------ GIVEN DATA ------

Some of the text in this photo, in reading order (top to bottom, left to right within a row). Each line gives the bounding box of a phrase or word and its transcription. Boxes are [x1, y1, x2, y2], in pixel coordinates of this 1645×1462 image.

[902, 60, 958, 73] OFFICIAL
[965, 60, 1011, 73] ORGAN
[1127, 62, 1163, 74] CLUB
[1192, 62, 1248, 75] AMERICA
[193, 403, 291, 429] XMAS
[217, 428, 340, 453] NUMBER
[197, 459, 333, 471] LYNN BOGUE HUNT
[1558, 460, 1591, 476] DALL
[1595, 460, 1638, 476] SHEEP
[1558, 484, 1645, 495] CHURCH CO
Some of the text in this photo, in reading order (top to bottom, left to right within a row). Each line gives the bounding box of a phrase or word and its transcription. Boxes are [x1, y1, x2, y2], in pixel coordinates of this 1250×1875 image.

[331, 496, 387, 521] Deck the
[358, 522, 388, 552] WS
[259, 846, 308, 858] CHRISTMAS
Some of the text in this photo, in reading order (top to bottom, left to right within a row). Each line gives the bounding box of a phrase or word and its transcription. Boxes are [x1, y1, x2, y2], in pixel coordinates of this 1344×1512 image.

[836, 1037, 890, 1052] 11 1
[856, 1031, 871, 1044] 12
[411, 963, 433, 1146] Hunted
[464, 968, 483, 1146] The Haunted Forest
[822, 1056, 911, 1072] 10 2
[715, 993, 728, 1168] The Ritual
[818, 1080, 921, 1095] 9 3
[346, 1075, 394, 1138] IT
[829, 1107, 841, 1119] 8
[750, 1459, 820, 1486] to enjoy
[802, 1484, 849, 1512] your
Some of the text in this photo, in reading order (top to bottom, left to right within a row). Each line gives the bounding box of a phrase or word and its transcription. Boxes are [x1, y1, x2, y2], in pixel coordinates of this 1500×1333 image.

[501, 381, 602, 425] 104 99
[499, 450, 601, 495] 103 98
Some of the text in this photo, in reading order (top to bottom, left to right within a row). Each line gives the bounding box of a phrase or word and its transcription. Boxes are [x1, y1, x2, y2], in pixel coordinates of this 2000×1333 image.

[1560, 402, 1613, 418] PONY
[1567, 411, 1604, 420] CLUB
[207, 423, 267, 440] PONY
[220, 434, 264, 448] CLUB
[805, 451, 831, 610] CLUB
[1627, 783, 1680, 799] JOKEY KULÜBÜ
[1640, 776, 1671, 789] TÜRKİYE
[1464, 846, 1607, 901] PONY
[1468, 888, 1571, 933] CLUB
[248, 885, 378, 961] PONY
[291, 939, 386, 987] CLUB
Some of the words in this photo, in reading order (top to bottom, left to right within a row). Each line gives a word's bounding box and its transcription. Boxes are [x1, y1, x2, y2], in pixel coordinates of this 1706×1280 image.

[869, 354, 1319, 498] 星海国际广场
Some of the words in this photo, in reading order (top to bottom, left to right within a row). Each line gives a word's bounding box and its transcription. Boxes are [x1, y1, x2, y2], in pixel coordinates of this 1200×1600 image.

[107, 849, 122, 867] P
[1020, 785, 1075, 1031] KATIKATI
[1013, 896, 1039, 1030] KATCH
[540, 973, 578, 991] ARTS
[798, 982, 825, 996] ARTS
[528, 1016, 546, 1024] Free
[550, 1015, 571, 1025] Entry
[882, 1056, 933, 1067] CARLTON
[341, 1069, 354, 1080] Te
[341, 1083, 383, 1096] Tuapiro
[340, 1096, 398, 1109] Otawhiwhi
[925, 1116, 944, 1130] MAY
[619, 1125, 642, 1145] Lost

------

- TASK TO COMPLETE -
Give back every entry above, complete and exact.

- RESULT OF THE EXERCISE -
Some of the text in this photo, in reading order (top to bottom, left to right within a row). Each line gives the bounding box of a phrase or word and its transcription. Boxes are [x1, y1, x2, y2], in pixel coordinates of this 1645×1462 image.

[902, 60, 958, 73] OFFICIAL
[965, 60, 1011, 73] ORGAN
[1127, 62, 1163, 74] CLUB
[1192, 62, 1248, 75] AMERICA
[193, 403, 291, 429] XMAS
[217, 428, 340, 453] NUMBER
[197, 459, 333, 471] LYNN BOGUE HUNT
[1558, 460, 1591, 476] DALL
[1595, 460, 1638, 476] SHEEP
[1558, 484, 1645, 495] CHURCH CO
Some of the text in this photo, in reading order (top to bottom, left to right within a row). Each line gives the bounding box of a phrase or word and its transcription. Boxes are [x1, y1, x2, y2], in pixel coordinates of this 1250×1875 image.

[331, 496, 387, 521] Deck the
[358, 522, 388, 552] WS
[259, 846, 308, 858] CHRISTMAS
Some of the text in this photo, in reading order (top to bottom, left to right within a row). Each line gives the bounding box of a phrase or word and its transcription. Boxes are [x1, y1, x2, y2], in pixel coordinates of this 1344×1512 image.

[836, 1037, 890, 1052] 11 1
[856, 1031, 871, 1044] 12
[411, 963, 433, 1146] Hunted
[464, 968, 483, 1146] The Haunted Forest
[822, 1056, 911, 1072] 10 2
[715, 993, 728, 1168] The Ritual
[818, 1080, 921, 1095] 9 3
[346, 1075, 394, 1138] IT
[829, 1107, 841, 1119] 8
[750, 1459, 820, 1486] to enjoy
[802, 1484, 849, 1512] your
Some of the text in this photo, in reading order (top to bottom, left to right within a row). Each line gives the bounding box of a phrase or word and its transcription. Boxes are [x1, y1, x2, y2], in pixel coordinates of this 1500×1333 image.

[501, 381, 602, 425] 104 99
[499, 450, 601, 495] 103 98
Some of the text in this photo, in reading order (top to bottom, left to right within a row). Each line gives the bounding box of a phrase or word and its transcription. Boxes are [x1, y1, x2, y2], in pixel coordinates of this 2000×1333 image.

[1560, 402, 1613, 418] PONY
[1567, 411, 1604, 420] CLUB
[207, 423, 267, 440] PONY
[220, 434, 264, 448] CLUB
[805, 451, 831, 610] CLUB
[1627, 783, 1680, 799] JOKEY KULÜBÜ
[1640, 776, 1671, 789] TÜRKİYE
[1464, 846, 1607, 901] PONY
[1468, 888, 1571, 933] CLUB
[248, 885, 378, 961] PONY
[291, 939, 386, 987] CLUB
Some of the words in this photo, in reading order (top to bottom, left to right within a row). Each line gives a word's bounding box and its transcription. Boxes are [x1, y1, x2, y2], in pixel coordinates of this 1706×1280 image.

[869, 354, 1319, 498] 星海国际广场
Some of the words in this photo, in reading order (top to bottom, left to right within a row). Each line gives a word's bounding box and its transcription. Boxes are [x1, y1, x2, y2], in pixel coordinates of this 1200×1600 image.

[107, 849, 122, 867] P
[1020, 785, 1075, 1031] KATIKATI
[1013, 896, 1039, 1030] KATCH
[540, 973, 578, 991] ARTS
[798, 982, 825, 996] ARTS
[528, 1016, 546, 1024] Free
[550, 1015, 571, 1025] Entry
[882, 1056, 933, 1067] CARLTON
[341, 1069, 354, 1080] Te
[341, 1083, 383, 1096] Tuapiro
[340, 1096, 398, 1109] Otawhiwhi
[925, 1116, 944, 1130] MAY
[619, 1125, 642, 1145] Lost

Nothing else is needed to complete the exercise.